Published online by Cambridge University Press: 05 June 2012
INTRODUCTION
To have accepted the invitation to write a chapter with this title is to accept a poisoned chalice. The poison is in the word “simple.” “Apparently simple” will be the otherwise unspoken assumption of the rest of this chapter. What will be presented as simple are those tasks the researchers thought were directly or indirectly assessing a single, basic limitation in the processing of information. Therefore, consigned to “complexity” are those experimental psychology tasks from which information processing parameters may be distilled. These include reaction time procedures such as the Hick and Posner tasks, and S. Sternberg's rapid memory scanning task.

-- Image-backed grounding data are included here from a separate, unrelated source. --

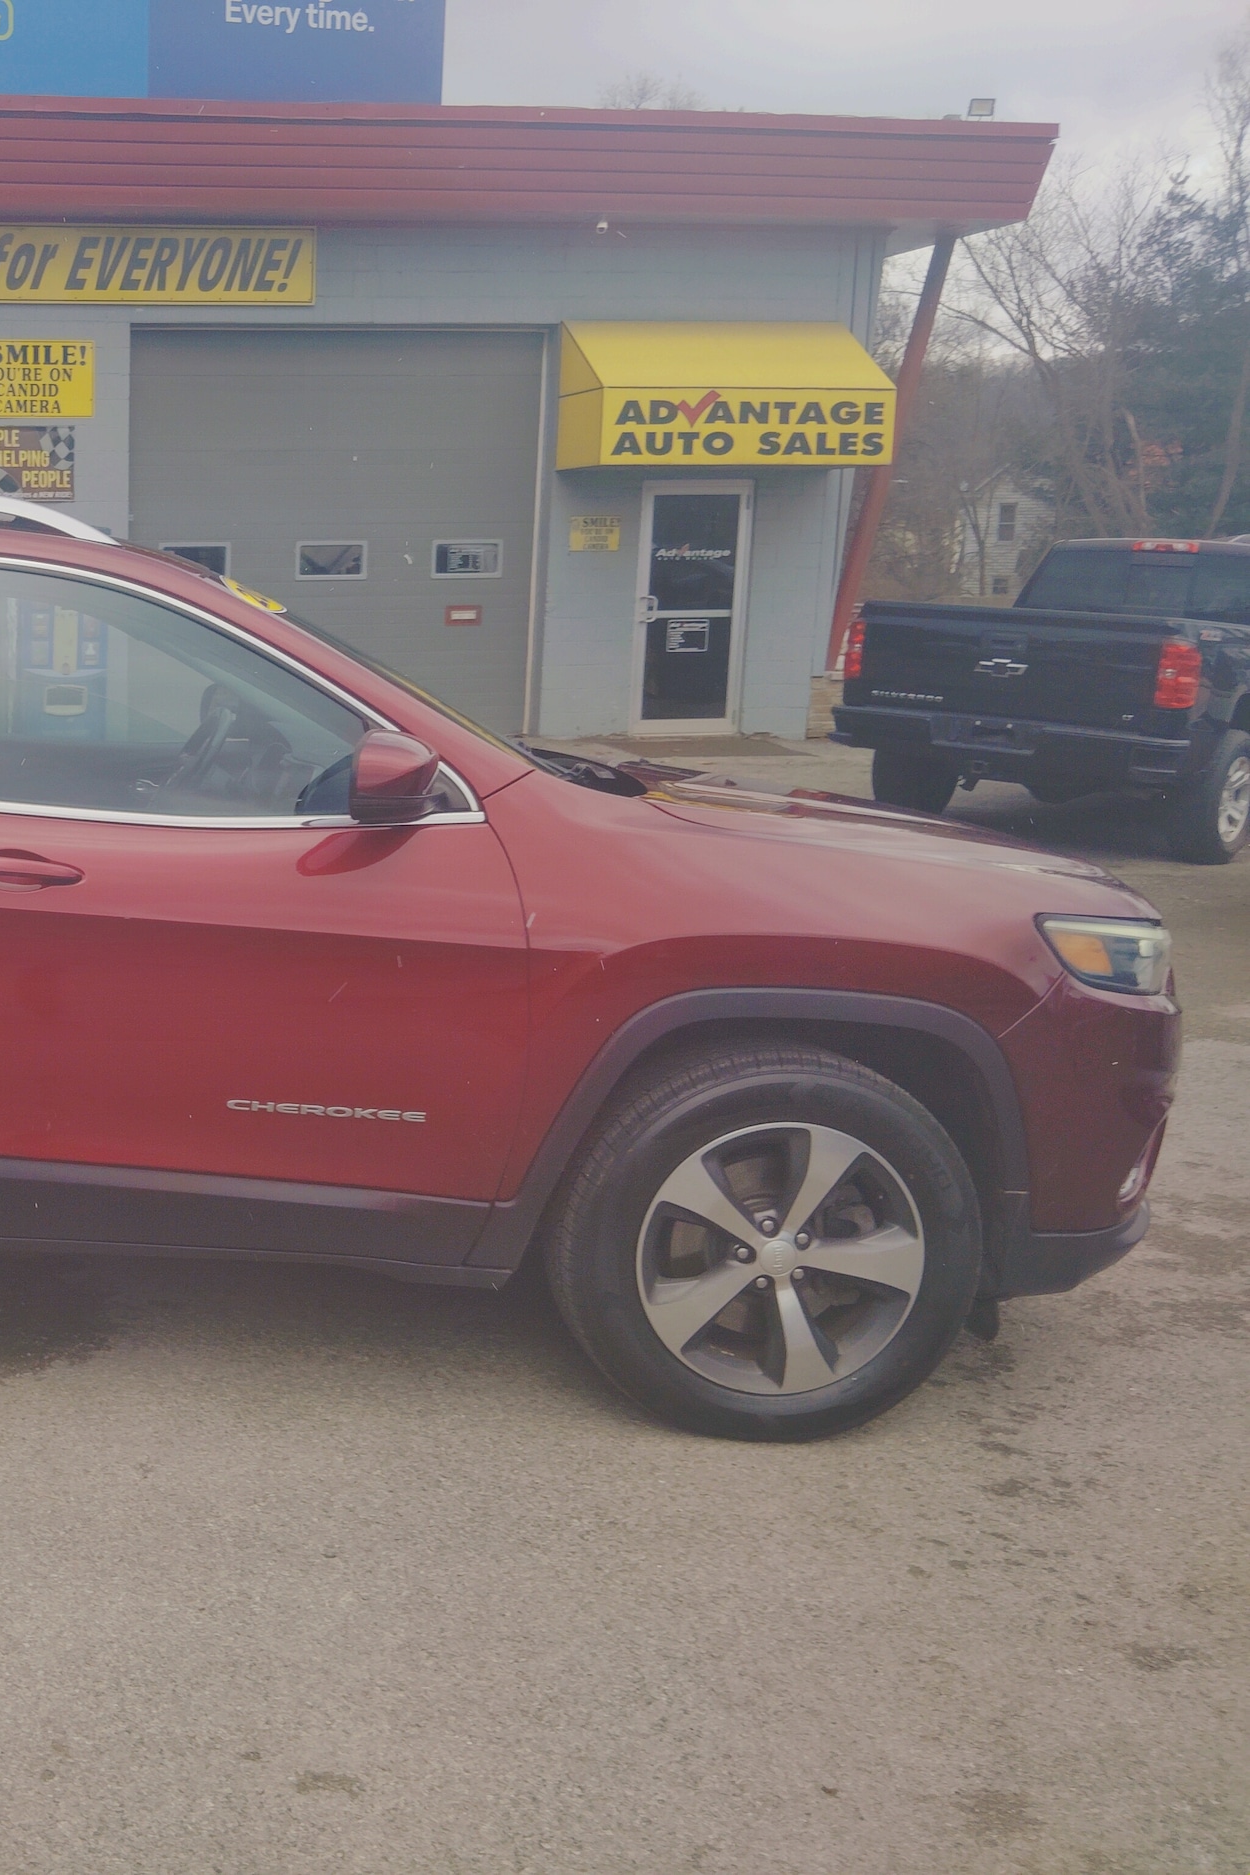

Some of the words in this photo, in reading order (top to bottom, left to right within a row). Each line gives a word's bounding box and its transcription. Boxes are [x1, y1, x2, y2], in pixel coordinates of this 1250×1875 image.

[225, 0, 301, 34] Every
[306, 2, 375, 32] time.
[64, 236, 303, 293] EVERYONE!
[50, 367, 73, 382] ON
[615, 390, 886, 428] ADVANTAGE
[610, 431, 734, 456] AUTO
[757, 431, 884, 456] SALES
[21, 470, 71, 488] PEOPLE
[226, 1099, 427, 1122] CHEROKEE

A review of these tasks and their relevance to “mental speed” concepts of intelligence is available elsewhere (Neubauer, 1997, which also includes R. Sternberg's reaction–time-based studies of the components of analogical and other types of reasoning). For a brief evaluation of this research, see Deary (1997). Thus, the data presented here will not cover most tasks borrowed from experimental-cognitive psychology; a lower level is addressed. Now that what is too complex for inclusion has been indicated, what is considered too simple? Not covered here are those correlates of intelligence that are arguably more biological, such as nerve conduction velocity, brain-evoked potentials, brain anatomy, and functional brain scanning. The association between these indicators of brain integrity and psychometric intelligence is reviewed by Deary & Caryl (1997a) and Vernon (1993).